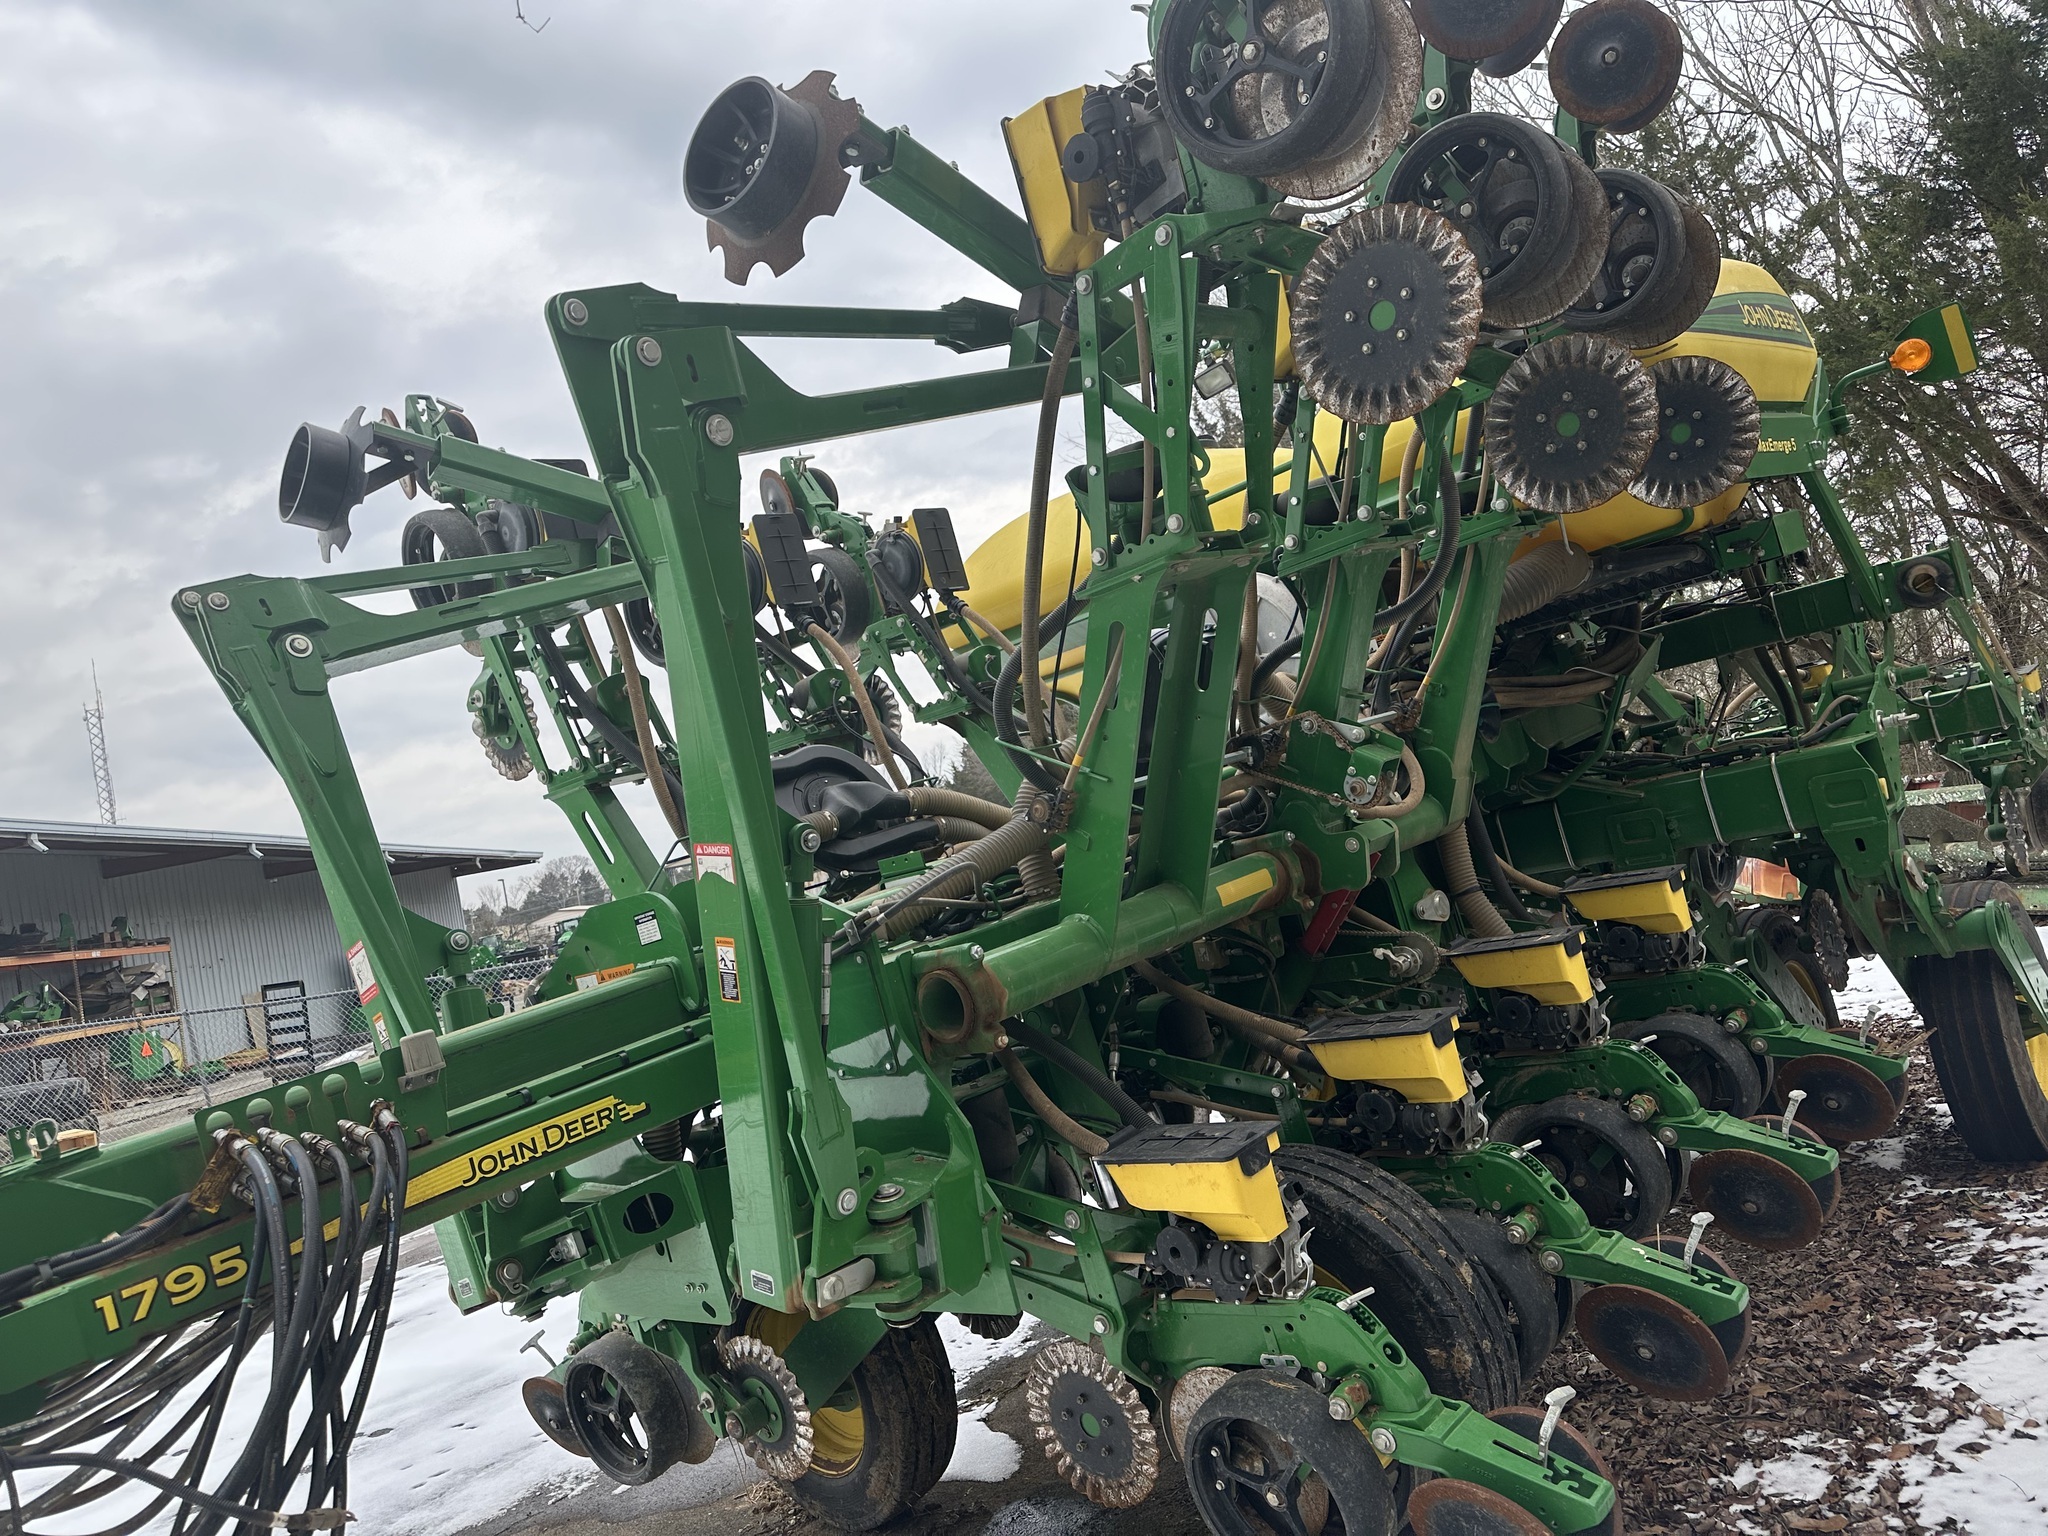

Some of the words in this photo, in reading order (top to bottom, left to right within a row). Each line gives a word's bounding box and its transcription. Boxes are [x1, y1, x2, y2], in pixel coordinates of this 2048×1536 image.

[1737, 299, 1772, 328] JOHN
[1763, 303, 1802, 333] DEERE
[703, 845, 730, 855] DANGER
[607, 968, 632, 980] WARNING
[462, 1136, 538, 1186] JOHN
[541, 1100, 632, 1152] DEERE
[94, 1245, 249, 1333] 1795
::::::::::
## Problem description
Each entry is to be returned precisely as it appears, but the pictures are to be dropped.

## Your response
Some of the words in this photo, in reading order (top to bottom, left to right within a row). Each line gives a word's bounding box and its transcription. Boxes are [x1, y1, x2, y2], in pixel coordinates of this 2048×1536 image.

[1737, 299, 1772, 328] JOHN
[1763, 303, 1802, 333] DEERE
[703, 845, 730, 855] DANGER
[607, 968, 632, 980] WARNING
[462, 1136, 538, 1186] JOHN
[541, 1100, 632, 1152] DEERE
[94, 1245, 249, 1333] 1795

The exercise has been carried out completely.